- **To do**:
Leave the pictures out and print every record below exactly as it stands.

- Opening Delimiter -

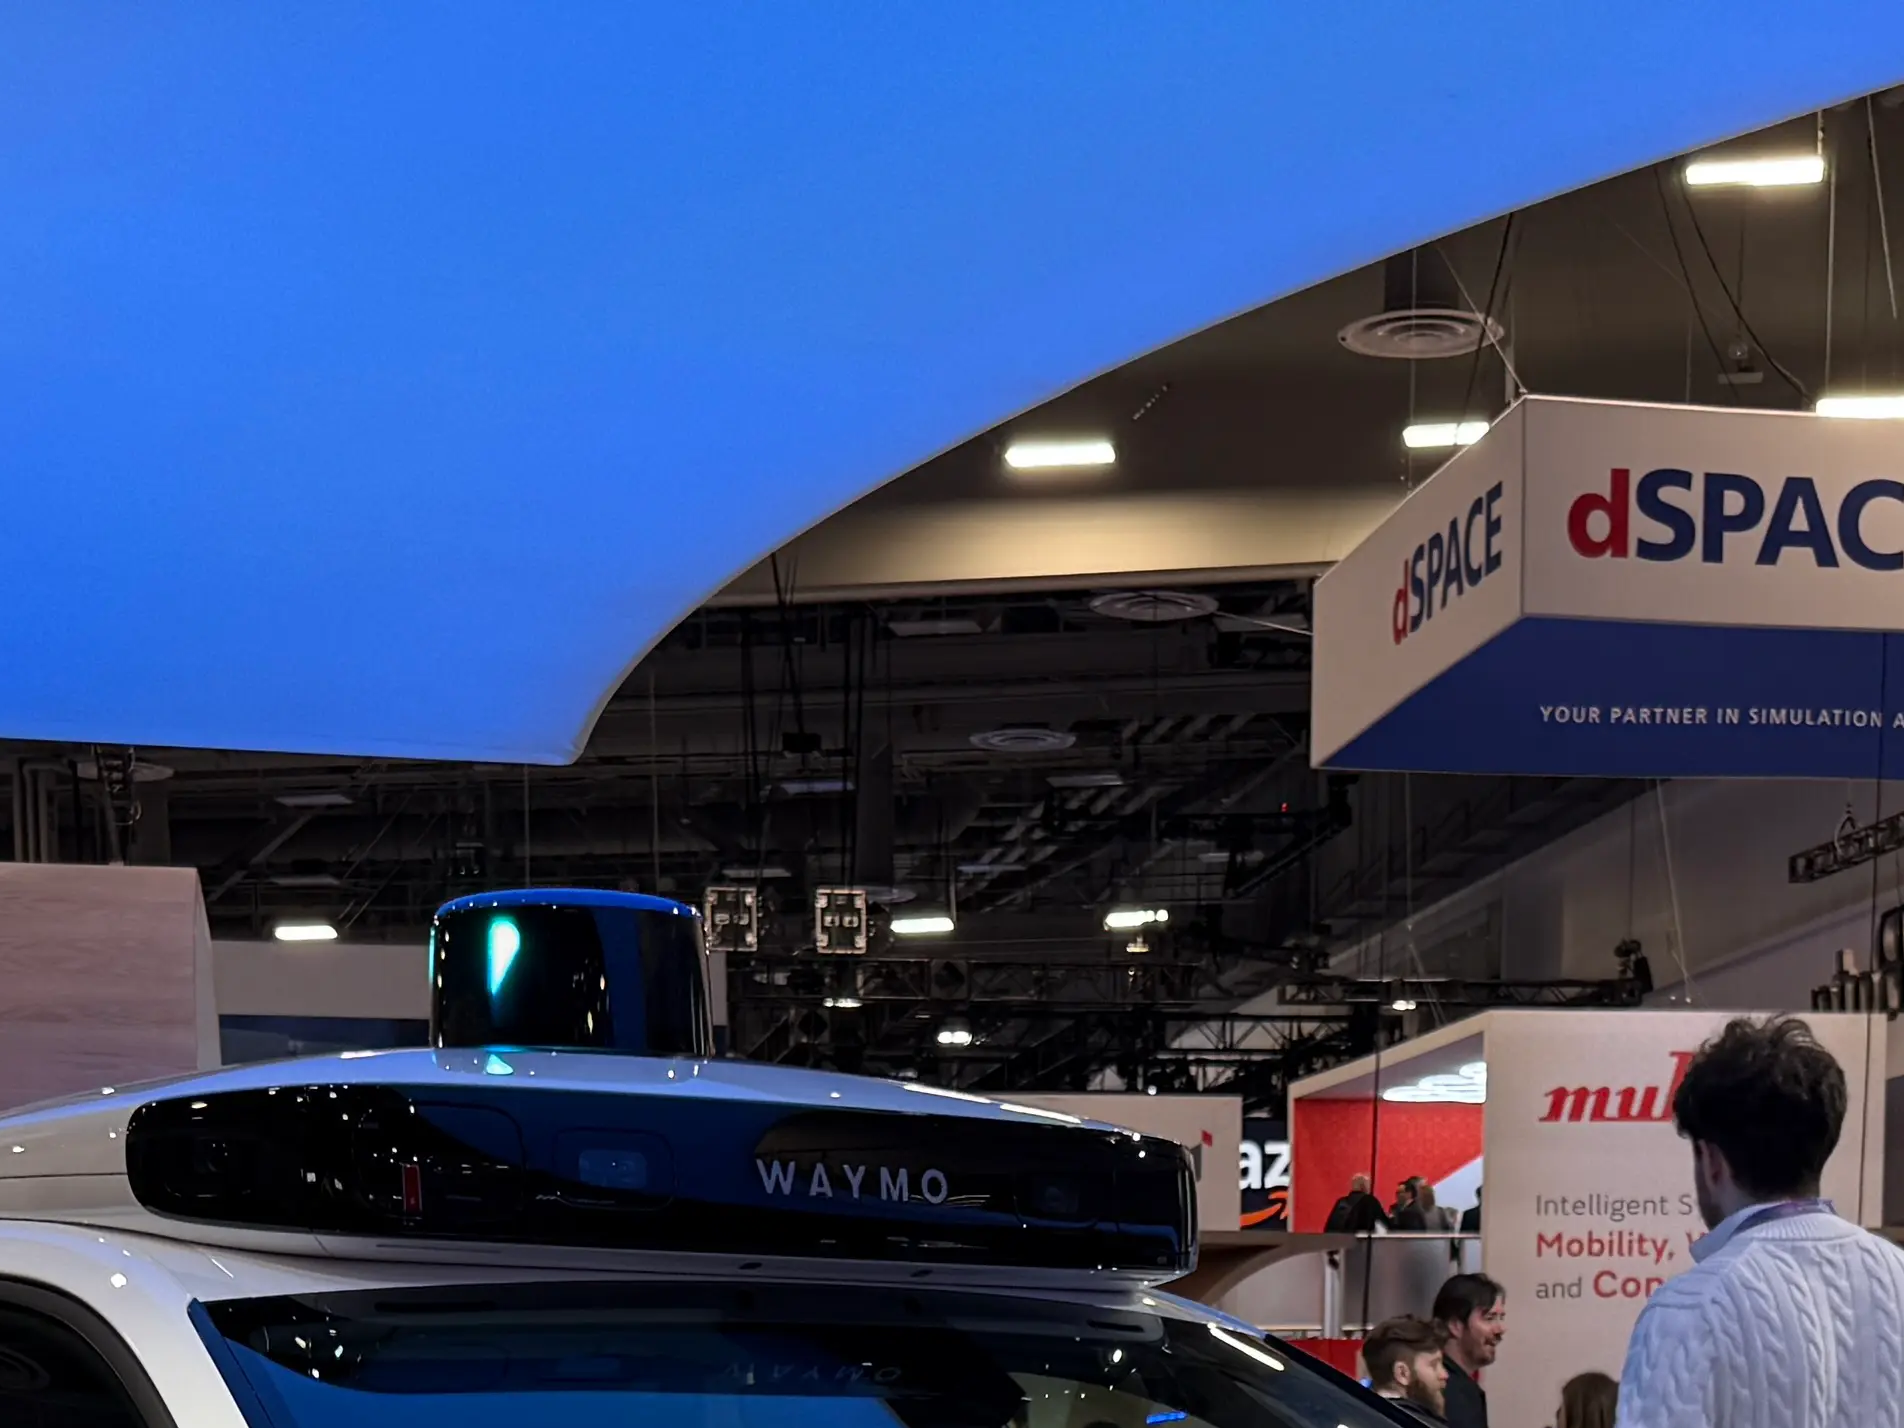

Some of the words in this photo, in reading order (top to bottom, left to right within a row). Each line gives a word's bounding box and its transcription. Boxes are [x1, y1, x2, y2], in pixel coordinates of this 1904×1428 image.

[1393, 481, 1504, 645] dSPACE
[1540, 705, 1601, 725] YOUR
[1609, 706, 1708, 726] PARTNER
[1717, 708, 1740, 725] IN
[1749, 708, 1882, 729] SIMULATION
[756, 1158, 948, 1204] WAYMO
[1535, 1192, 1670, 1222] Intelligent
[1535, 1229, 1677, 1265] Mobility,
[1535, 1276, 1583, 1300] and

- Closing Delimiter -

- **Answer**:
Some of the words in this photo, in reading order (top to bottom, left to right within a row). Each line gives a word's bounding box and its transcription. Boxes are [x1, y1, x2, y2], in pixel coordinates of this 1904×1428 image.

[1393, 481, 1504, 645] dSPACE
[1540, 705, 1601, 725] YOUR
[1609, 706, 1708, 726] PARTNER
[1717, 708, 1740, 725] IN
[1749, 708, 1882, 729] SIMULATION
[756, 1158, 948, 1204] WAYMO
[1535, 1192, 1670, 1222] Intelligent
[1535, 1229, 1677, 1265] Mobility,
[1535, 1276, 1583, 1300] and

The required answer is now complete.